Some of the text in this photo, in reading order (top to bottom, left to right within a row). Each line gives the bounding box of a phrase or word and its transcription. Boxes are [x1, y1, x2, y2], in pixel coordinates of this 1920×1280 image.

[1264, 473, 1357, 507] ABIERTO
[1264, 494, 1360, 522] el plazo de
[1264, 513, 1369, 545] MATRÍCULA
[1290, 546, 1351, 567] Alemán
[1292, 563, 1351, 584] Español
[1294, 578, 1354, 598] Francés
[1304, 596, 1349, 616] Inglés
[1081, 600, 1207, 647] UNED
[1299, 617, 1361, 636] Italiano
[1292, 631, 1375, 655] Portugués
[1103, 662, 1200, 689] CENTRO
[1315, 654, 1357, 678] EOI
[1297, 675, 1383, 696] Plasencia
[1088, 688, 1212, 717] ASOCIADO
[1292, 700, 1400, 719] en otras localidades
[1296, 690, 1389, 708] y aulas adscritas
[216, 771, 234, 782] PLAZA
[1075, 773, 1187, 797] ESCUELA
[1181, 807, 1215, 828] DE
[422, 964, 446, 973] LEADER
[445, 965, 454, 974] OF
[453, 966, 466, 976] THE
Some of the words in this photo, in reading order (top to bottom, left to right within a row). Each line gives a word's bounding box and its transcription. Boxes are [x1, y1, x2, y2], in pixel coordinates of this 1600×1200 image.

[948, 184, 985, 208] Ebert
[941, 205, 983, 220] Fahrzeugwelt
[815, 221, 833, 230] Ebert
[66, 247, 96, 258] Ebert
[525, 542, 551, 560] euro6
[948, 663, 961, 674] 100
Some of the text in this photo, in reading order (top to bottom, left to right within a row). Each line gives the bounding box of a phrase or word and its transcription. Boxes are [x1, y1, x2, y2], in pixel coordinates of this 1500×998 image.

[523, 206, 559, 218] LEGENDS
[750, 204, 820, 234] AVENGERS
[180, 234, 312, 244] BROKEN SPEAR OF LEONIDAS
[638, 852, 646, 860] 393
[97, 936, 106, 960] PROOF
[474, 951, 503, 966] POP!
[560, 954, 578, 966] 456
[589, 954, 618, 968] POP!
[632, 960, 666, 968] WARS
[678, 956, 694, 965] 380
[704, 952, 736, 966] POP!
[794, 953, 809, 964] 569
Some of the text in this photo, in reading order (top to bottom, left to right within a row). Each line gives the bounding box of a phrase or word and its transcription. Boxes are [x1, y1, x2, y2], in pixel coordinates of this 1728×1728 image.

YOUR OBJECTIVE: Retype the material above from start to finish without any changes.

WRITTEN SOLUTION:
Some of the text in this photo, in reading order (top to bottom, left to right within a row). Each line gives the bounding box of a phrase or word and its transcription. Boxes are [x1, y1, x2, y2], in pixel coordinates of this 1920×1280 image.

[1264, 473, 1357, 507] ABIERTO
[1264, 494, 1360, 522] el plazo de
[1264, 513, 1369, 545] MATRÍCULA
[1290, 546, 1351, 567] Alemán
[1292, 563, 1351, 584] Español
[1294, 578, 1354, 598] Francés
[1304, 596, 1349, 616] Inglés
[1081, 600, 1207, 647] UNED
[1299, 617, 1361, 636] Italiano
[1292, 631, 1375, 655] Portugués
[1103, 662, 1200, 689] CENTRO
[1315, 654, 1357, 678] EOI
[1297, 675, 1383, 696] Plasencia
[1088, 688, 1212, 717] ASOCIADO
[1292, 700, 1400, 719] en otras localidades
[1296, 690, 1389, 708] y aulas adscritas
[216, 771, 234, 782] PLAZA
[1075, 773, 1187, 797] ESCUELA
[1181, 807, 1215, 828] DE
[422, 964, 446, 973] LEADER
[445, 965, 454, 974] OF
[453, 966, 466, 976] THE
Some of the words in this photo, in reading order (top to bottom, left to right within a row). Each line gives a word's bounding box and its transcription. Boxes are [x1, y1, x2, y2], in pixel coordinates of this 1600×1200 image.

[948, 184, 985, 208] Ebert
[941, 205, 983, 220] Fahrzeugwelt
[815, 221, 833, 230] Ebert
[66, 247, 96, 258] Ebert
[525, 542, 551, 560] euro6
[948, 663, 961, 674] 100
Some of the text in this photo, in reading order (top to bottom, left to right within a row). Each line gives the bounding box of a phrase or word and its transcription. Boxes are [x1, y1, x2, y2], in pixel coordinates of this 1500×998 image.

[523, 206, 559, 218] LEGENDS
[750, 204, 820, 234] AVENGERS
[180, 234, 312, 244] BROKEN SPEAR OF LEONIDAS
[638, 852, 646, 860] 393
[97, 936, 106, 960] PROOF
[474, 951, 503, 966] POP!
[560, 954, 578, 966] 456
[589, 954, 618, 968] POP!
[632, 960, 666, 968] WARS
[678, 956, 694, 965] 380
[704, 952, 736, 966] POP!
[794, 953, 809, 964] 569
Some of the text in this photo, in reading order (top to bottom, left to right within a row). Each line gives the bounding box of a phrase or word and its transcription. Boxes are [x1, y1, x2, y2], in pixel coordinates of this 1728×1728 image.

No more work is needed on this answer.